Challenge: A confusing intake process led to high abandonment rates, while advisors were stuck in admin work instead of providing meaningful support.
Constraints: We couldn’t access end-users for testing due to recruitment challenges, and development was outsourced to another vendor we could not engage with.
Research & discovery
To uncover pain points and opportunities for improvement across the advisor and applicant journeys, I mapped user flows, flagged drop-off points, and ran heuristic audits. I led card-sorting workshops in FigJam to refine content and stage naming, creating a more seamless, aligned experience.

What we uncovered:
-
Lack of clarity on the next step: Upon registration, applicants were presented with an interface that didn't clearly indicate the next step or what was remaining to complete, resulting in frustration and requests for support made to the applicant advisors.


-
Unclear eligibility: Applicants could progress far before discovering they were ineligible, as criteria weren’t shown early.
-
Inefficient workflows: The workflow was convoluted, and applicants with varying levels of preparedness all went through the same worklfow, meaning some missed opportunitites to apply to programs they were prepared for.
-
Applicant–advisor mismatch: Different workflows and language for applicants and advisors made it hard to track and communicate applicant progress.
Design
To validate my assumptions and ensure I stayed aligned with business and user needs, I used an iterative approach to redesign interfaces and workflows in Figma, holding weekly design reviews to gather feedback. I also worked closely with the Product Owner to turn insights into a prioritized Azure DevOps backlog, contributing user stories and detailed mockups.
Key design decisions:
Highlight eligibility criteria upfront: I moved eligibility checks to earlier in the process to prevent wasted effort and connect ineligible applicants with referrals sooner.

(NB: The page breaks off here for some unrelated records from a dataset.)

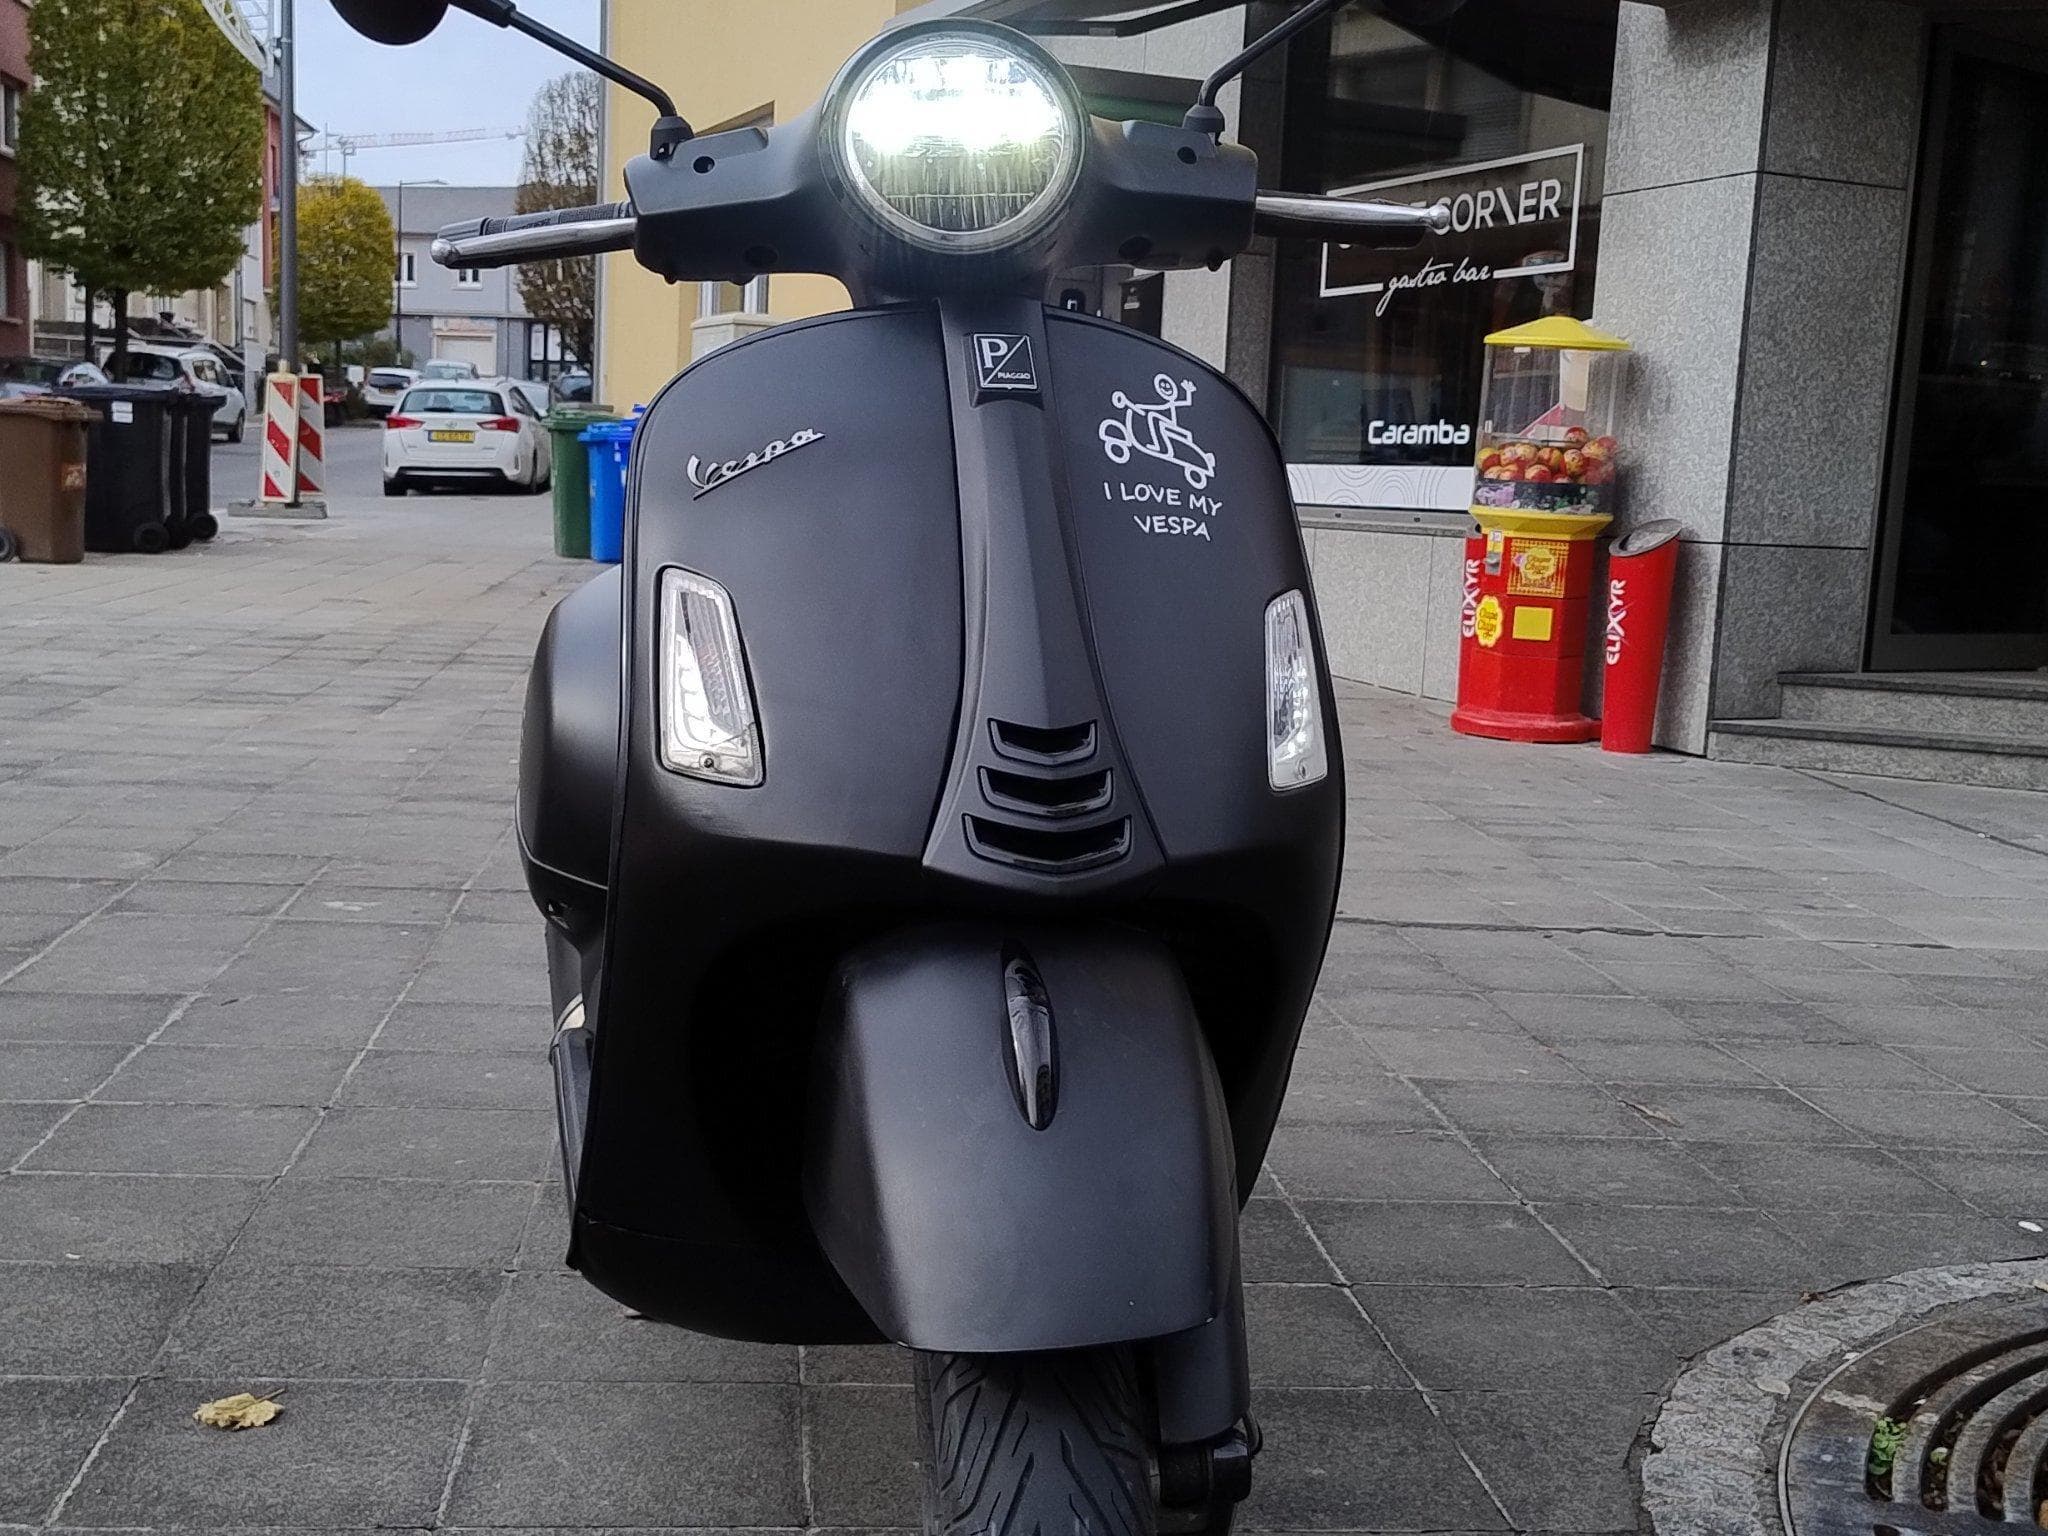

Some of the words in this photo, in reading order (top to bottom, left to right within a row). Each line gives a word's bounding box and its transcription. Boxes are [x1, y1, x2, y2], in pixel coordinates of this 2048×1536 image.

[1375, 257, 1453, 318] gastro
[1452, 256, 1491, 283] bar
[980, 338, 1008, 369] P
[997, 372, 1031, 380] PIAGGIO
[1368, 418, 1470, 445] Caramba
[686, 428, 826, 501] Vespa
[1103, 482, 1112, 500] I
[1120, 482, 1182, 506] LOVE
[1189, 494, 1223, 516] MY
[1133, 515, 1211, 541] VESPA
[1462, 558, 1482, 638] ELIXYR
[1606, 579, 1627, 665] ELIXYR

Streamlined workflows: Applicants ready to apply could move forward quickly, while those needing coaching were flagged. Advisor and applicant workflows were also aligned to improve clarity and communication.

At-a-glance status overview: I created a dashboard showing applicants their full progress and clearly highlighting next steps as they moved through each stage.

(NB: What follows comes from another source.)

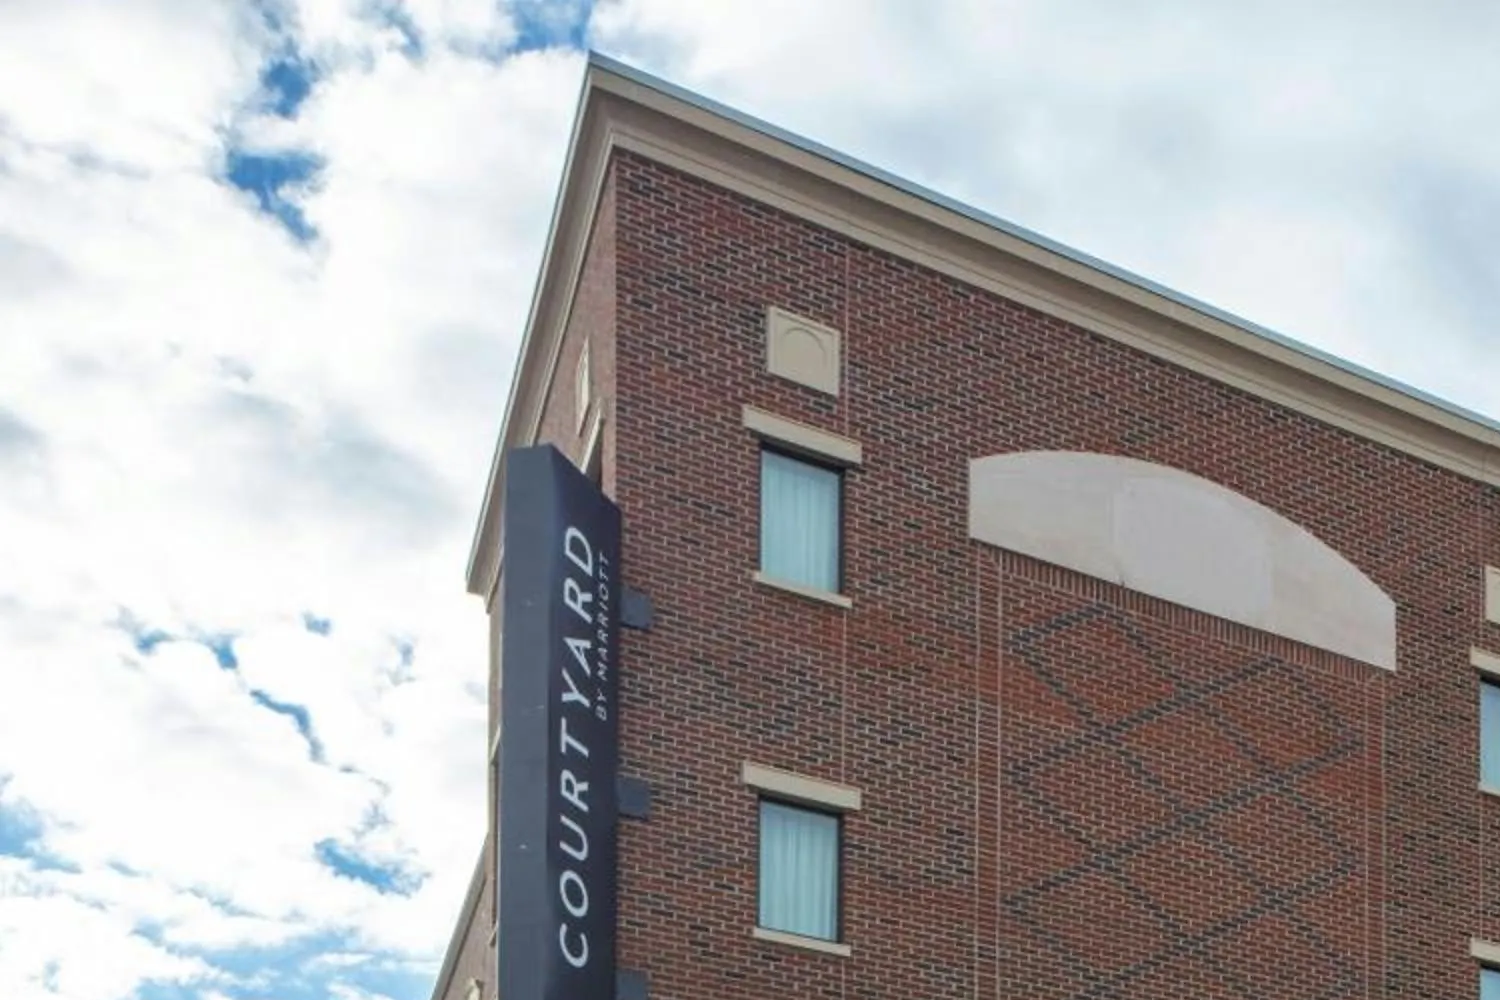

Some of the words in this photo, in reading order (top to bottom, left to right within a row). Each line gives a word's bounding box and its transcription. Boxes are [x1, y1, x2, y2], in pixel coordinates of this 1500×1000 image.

[597, 552, 610, 682] MARRIOTT
[559, 524, 594, 968] COURTYARD
[595, 688, 608, 721] BY

Mobile optimization: Analytics surfaced a significant mobile user base, so I prioritized a strong mobile experience to ensure full access without a computer.

Outcome
Final Deliverables
-
A design that lent itself to incremental improvements
-
A fully interactive, clickable Figma prototype
-
A set of high-fidelity mock-ups showing key screens and interactions.
-
A refined, prioritized backlog including user stories, design annotations, and mock-ups for future development
Client Impact
Although implementation wasn’t in our scope, the client left with a clear vision of what the application could be and the artifacts they needed to start development. In their feedback, stakeholders emphasized how deeply we seemed to understand their users and how much they appreciated the clarity and depth of the deliverables.
"The team dives in to learn the organization as best they can in a very quick manner, asks thoughtful questions to gain insight and have an ability to immerse themselves in what is happening to make suggestions that are meaningful."
Applicant Advisor
"The compassion with which the team approached our work showed me they take their user experience work very seriously."
Client Project Sponsor
What I learned
You can still be agile in a waterfall project
Even if you have no involvement in the development phase, you can still refine your designs and test your assumptions before handoff by iterating on designs with your stakeholders long before handoff.
Don't sleep on user recruitment.
Knowing what I know now, I would’ve prepared to use proxy users much earlier. Even if it meant just testing with colleagues, running usability tests earlier in the design phase would’ve given me more confidence in the final solution.
Don't be afraid to challenge the client when it matters to the user.
I could've questioned the client more on what parts of the application were truly essential. There may have been room to simplify further by digging into whether every step in this very lengthy process was really necessary to assess applicant fit.